**What you are asked to do**
A verbatim copy of each record is required.

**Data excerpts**
* * * *
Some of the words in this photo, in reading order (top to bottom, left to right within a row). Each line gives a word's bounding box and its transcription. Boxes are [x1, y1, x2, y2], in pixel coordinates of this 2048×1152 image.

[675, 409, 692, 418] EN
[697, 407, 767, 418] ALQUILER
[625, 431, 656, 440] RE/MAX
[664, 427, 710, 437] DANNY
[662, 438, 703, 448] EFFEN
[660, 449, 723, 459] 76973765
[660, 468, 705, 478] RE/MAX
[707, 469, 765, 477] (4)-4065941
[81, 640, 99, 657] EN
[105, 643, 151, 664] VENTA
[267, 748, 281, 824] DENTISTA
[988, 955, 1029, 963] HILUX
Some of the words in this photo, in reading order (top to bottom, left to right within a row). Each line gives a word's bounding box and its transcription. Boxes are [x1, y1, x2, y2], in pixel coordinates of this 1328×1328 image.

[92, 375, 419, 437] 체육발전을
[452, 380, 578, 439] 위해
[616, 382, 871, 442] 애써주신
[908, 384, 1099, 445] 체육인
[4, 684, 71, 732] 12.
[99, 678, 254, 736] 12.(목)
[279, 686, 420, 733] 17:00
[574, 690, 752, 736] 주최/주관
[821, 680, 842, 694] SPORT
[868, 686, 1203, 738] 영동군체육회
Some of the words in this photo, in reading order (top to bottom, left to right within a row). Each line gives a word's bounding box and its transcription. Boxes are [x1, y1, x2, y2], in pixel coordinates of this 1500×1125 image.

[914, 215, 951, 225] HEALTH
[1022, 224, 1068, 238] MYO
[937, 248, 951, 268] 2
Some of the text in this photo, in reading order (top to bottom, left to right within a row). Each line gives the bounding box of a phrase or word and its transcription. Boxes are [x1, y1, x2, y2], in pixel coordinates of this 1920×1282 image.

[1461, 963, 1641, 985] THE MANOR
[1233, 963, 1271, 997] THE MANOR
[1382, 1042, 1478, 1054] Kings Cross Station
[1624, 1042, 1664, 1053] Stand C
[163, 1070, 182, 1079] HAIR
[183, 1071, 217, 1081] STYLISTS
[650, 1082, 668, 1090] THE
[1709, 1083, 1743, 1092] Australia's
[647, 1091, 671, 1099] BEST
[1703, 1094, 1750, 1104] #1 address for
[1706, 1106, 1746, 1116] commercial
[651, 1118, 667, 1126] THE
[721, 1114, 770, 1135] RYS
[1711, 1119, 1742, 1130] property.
* * * *
**Written solution**
Some of the words in this photo, in reading order (top to bottom, left to right within a row). Each line gives a word's bounding box and its transcription. Boxes are [x1, y1, x2, y2], in pixel coordinates of this 2048×1152 image.

[675, 409, 692, 418] EN
[697, 407, 767, 418] ALQUILER
[625, 431, 656, 440] RE/MAX
[664, 427, 710, 437] DANNY
[662, 438, 703, 448] EFFEN
[660, 449, 723, 459] 76973765
[660, 468, 705, 478] RE/MAX
[707, 469, 765, 477] (4)-4065941
[81, 640, 99, 657] EN
[105, 643, 151, 664] VENTA
[267, 748, 281, 824] DENTISTA
[988, 955, 1029, 963] HILUX
Some of the words in this photo, in reading order (top to bottom, left to right within a row). Each line gives a word's bounding box and its transcription. Boxes are [x1, y1, x2, y2], in pixel coordinates of this 1328×1328 image.

[92, 375, 419, 437] 체육발전을
[452, 380, 578, 439] 위해
[616, 382, 871, 442] 애써주신
[908, 384, 1099, 445] 체육인
[4, 684, 71, 732] 12.
[99, 678, 254, 736] 12.(목)
[279, 686, 420, 733] 17:00
[574, 690, 752, 736] 주최/주관
[821, 680, 842, 694] SPORT
[868, 686, 1203, 738] 영동군체육회
Some of the words in this photo, in reading order (top to bottom, left to right within a row). Each line gives a word's bounding box and its transcription. Boxes are [x1, y1, x2, y2], in pixel coordinates of this 1500×1125 image.

[914, 215, 951, 225] HEALTH
[1022, 224, 1068, 238] MYO
[937, 248, 951, 268] 2
Some of the text in this photo, in reading order (top to bottom, left to right within a row). Each line gives the bounding box of a phrase or word and its transcription. Boxes are [x1, y1, x2, y2], in pixel coordinates of this 1920×1282 image.

[1461, 963, 1641, 985] THE MANOR
[1233, 963, 1271, 997] THE MANOR
[1382, 1042, 1478, 1054] Kings Cross Station
[1624, 1042, 1664, 1053] Stand C
[163, 1070, 182, 1079] HAIR
[183, 1071, 217, 1081] STYLISTS
[650, 1082, 668, 1090] THE
[1709, 1083, 1743, 1092] Australia's
[647, 1091, 671, 1099] BEST
[1703, 1094, 1750, 1104] #1 address for
[1706, 1106, 1746, 1116] commercial
[651, 1118, 667, 1126] THE
[721, 1114, 770, 1135] RYS
[1711, 1119, 1742, 1130] property.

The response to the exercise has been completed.